## What this task involves
Will you write out the data exactly, excluding every picture?
^^^^^^^^
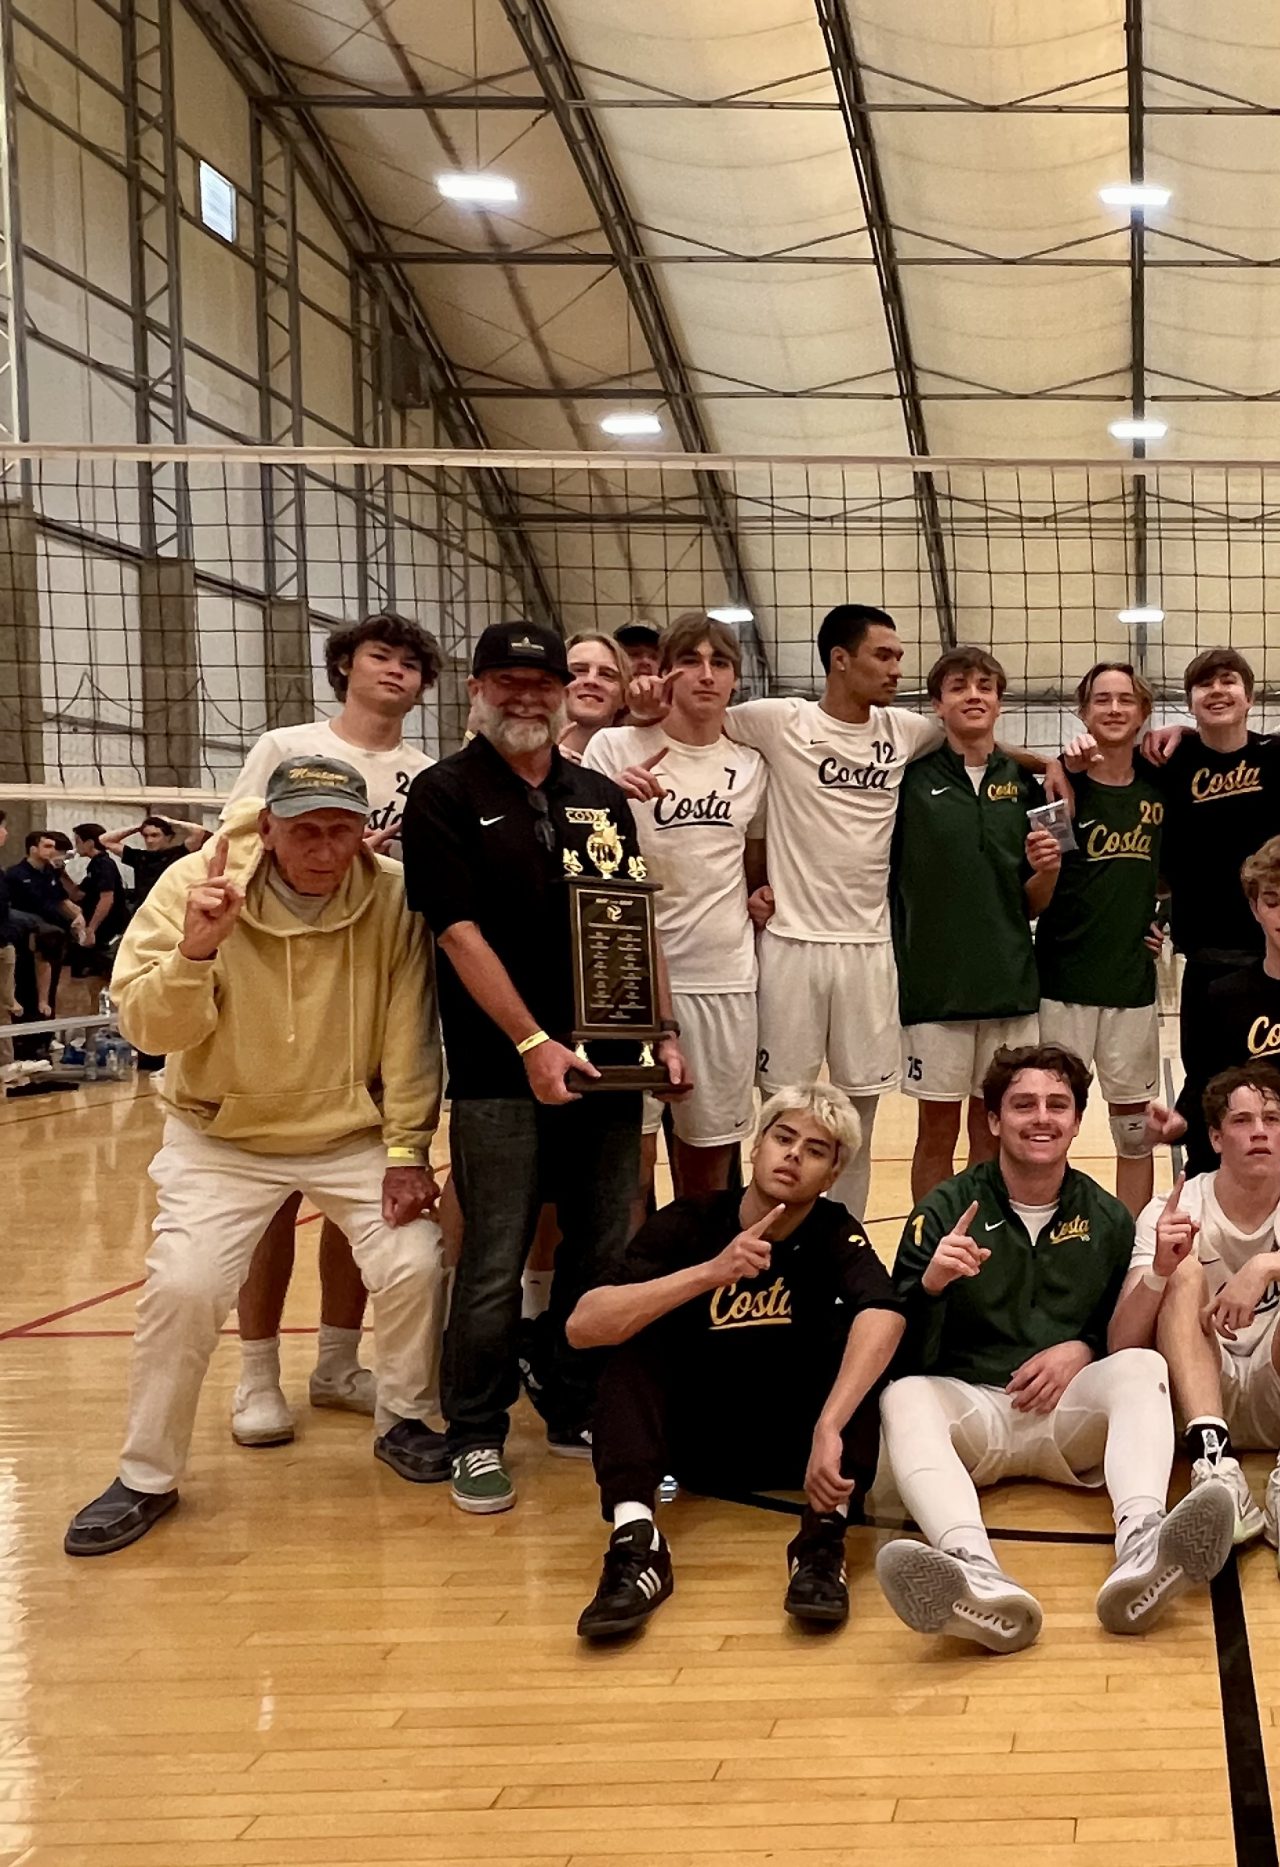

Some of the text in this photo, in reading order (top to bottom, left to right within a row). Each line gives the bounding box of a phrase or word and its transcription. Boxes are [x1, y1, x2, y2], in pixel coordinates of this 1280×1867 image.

[871, 740, 897, 764] 12
[724, 767, 737, 790] 7
[818, 757, 890, 789] Costa
[1191, 760, 1261, 800] Costa
[653, 789, 732, 828] Costa
[1140, 800, 1164, 825] 20
[1087, 824, 1152, 860] Costa
[912, 1214, 925, 1247] 1
^^^^^^^^
## Written response
Some of the text in this photo, in reading order (top to bottom, left to right within a row). Each line gives the bounding box of a phrase or word and its transcription. Boxes are [x1, y1, x2, y2], in pixel coordinates of this 1280×1867 image.

[871, 740, 897, 764] 12
[724, 767, 737, 790] 7
[818, 757, 890, 789] Costa
[1191, 760, 1261, 800] Costa
[653, 789, 732, 828] Costa
[1140, 800, 1164, 825] 20
[1087, 824, 1152, 860] Costa
[912, 1214, 925, 1247] 1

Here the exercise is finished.